With more and more money chasing fewer investment opportunities the returns from long/short equity f...
With more and more money chasing fewer investment opportunities the returns from long/short equity funds have plenty of scope to reduce.
One possible solution is to look at global funds. These are relatively new having some $39bn invested in 1990, rising to just over $1 trillion in assets today. Over the same time the proportion invested in long/short equity has risen from 7% to 44%.
The process is perhaps best explained with an example. Around the middle of last year, we noted an imbalance in global energy markets, with strong demand growth not being matched by increases in supply. Most significant was the lack of new refinery capacity. In fact, no new refineries had been built in the US since the 1970s. Having considered a number of alternatives, we bought ConocoPhillips. This firm has subsequently performed extremely well for us. However, because we manage a global portfolio, we were able to extend the idea. For instance, we have also been long Nippon Oil of Japan. We were able to extend the concept of energy shortages into other commodities too, notably coal. Here we identified Excel Coal and BHP Billiton, with their extensive Australian coal mining operations, as potential beneficiaries of demand from China.
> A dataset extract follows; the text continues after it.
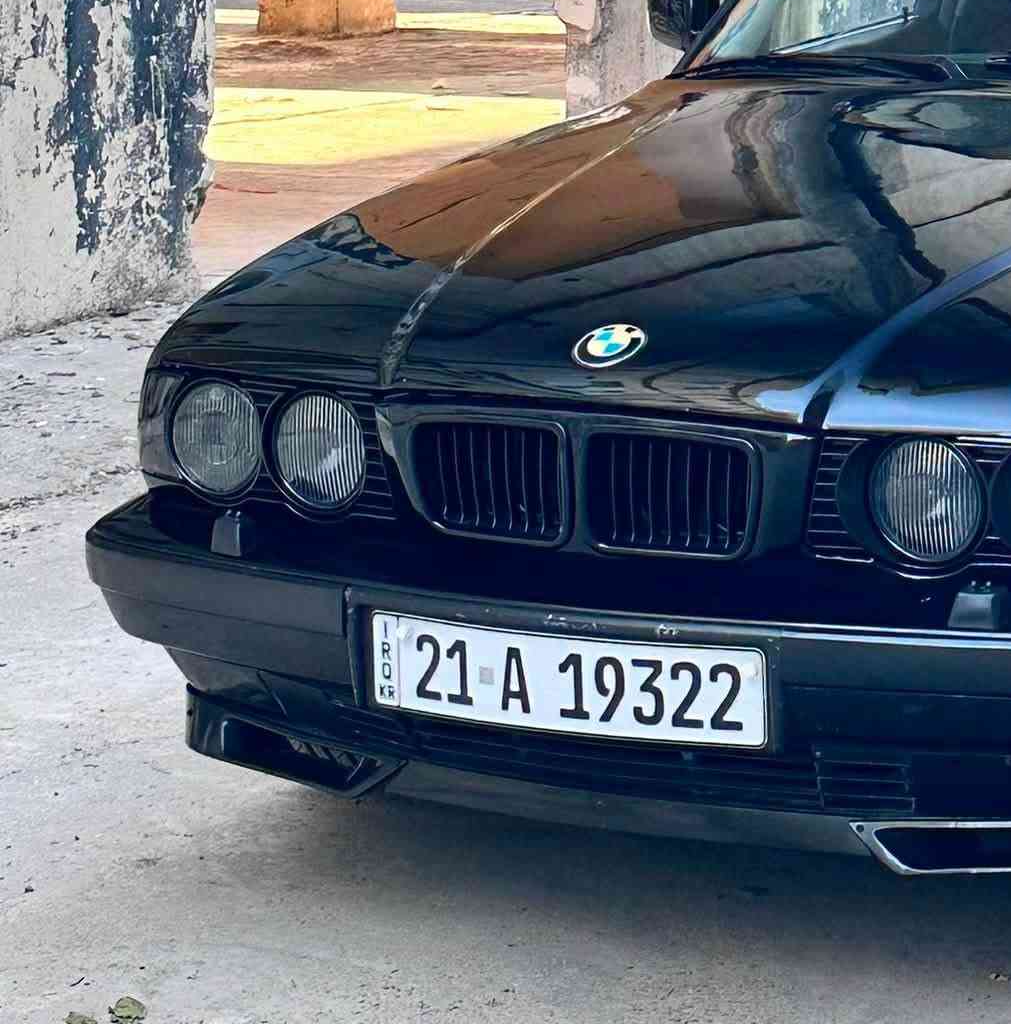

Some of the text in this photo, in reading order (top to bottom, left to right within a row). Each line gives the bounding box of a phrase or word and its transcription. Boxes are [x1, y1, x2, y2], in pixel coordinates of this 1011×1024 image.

[415, 634, 744, 732] 21 A 19322
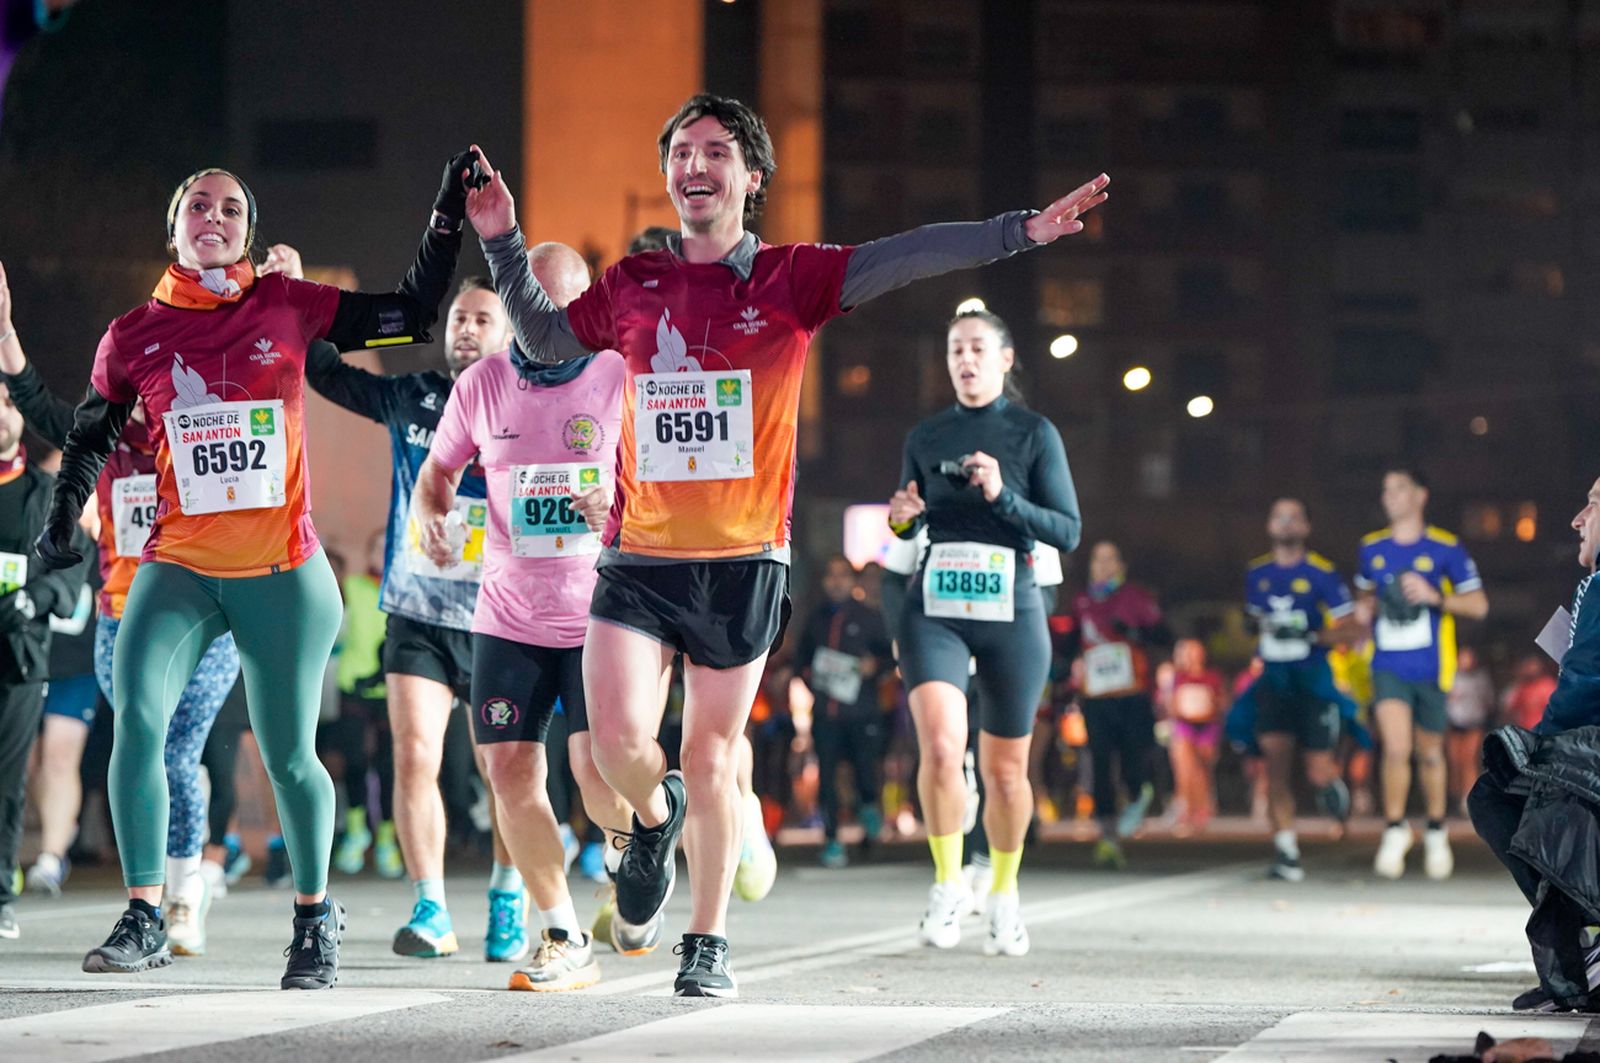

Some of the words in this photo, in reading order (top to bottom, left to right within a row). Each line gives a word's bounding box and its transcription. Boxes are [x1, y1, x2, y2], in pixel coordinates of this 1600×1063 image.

You can see from the example above how one idea can be widely applied around the world. It is in this area that we believe global managers can leverage information asymmetry to best effect. And we believe the approach can be extended to the short side of a fund. In our view, finding high-conviction ideas for shorting can be more difficult than finding long ideas for regional hedge fund managers. The global fund manager has a far larger opportunity set, and can therefore be more selective in his short positions.
An example of this was US printer manufacturer Lexmark. This firm has a global reach and competes with Hewlett Packard to be the world's number one. In July, Lexmark released poor numbers, blaming weaker demand and pricing pressures for its disappointing results. Our global remit again allowed us to benefit from this news. We noted that Seiko Epson of Japan was due to release its results, and went short the stock. The firm is a competitor to Lexmark, but has a weaker franchise and we expected it to lose market share and as well as facing tighter margins. As expected, the firm produced terrible results, benefiting our position.
Investing in global equities is not straightforward, requiring specialist analytical, fund management and dealing skills. It is even more difficult in the context of a long/short hedge fund. The research required is time-consuming and labour intensive, and generally only available to managers with considerable resource.
But having a global analytical capability is not an end to the problem. Having carried out the research, the job of collating and interpreting the results is also problematic given the volume of material available.
Global hedge fund assets now stand at $1 trillion.
It is becoming harder to generate high returns from hedge funds.
Managers need to seek out new sources of return to compensate.